Can you quote the records below in full, word for word?

[Collection entries]
------------------------------------

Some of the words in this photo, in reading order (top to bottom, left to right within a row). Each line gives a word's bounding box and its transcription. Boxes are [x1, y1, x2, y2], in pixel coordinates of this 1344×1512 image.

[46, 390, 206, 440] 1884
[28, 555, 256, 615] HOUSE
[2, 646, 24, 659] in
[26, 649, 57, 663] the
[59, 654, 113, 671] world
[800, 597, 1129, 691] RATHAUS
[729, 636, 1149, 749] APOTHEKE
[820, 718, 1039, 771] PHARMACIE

------------------------------------

Output of the exercise:
Some of the words in this photo, in reading order (top to bottom, left to right within a row). Each line gives a word's bounding box and its transcription. Boxes are [x1, y1, x2, y2], in pixel coordinates of this 1344×1512 image.

[46, 390, 206, 440] 1884
[28, 555, 256, 615] HOUSE
[2, 646, 24, 659] in
[26, 649, 57, 663] the
[59, 654, 113, 671] world
[800, 597, 1129, 691] RATHAUS
[729, 636, 1149, 749] APOTHEKE
[820, 718, 1039, 771] PHARMACIE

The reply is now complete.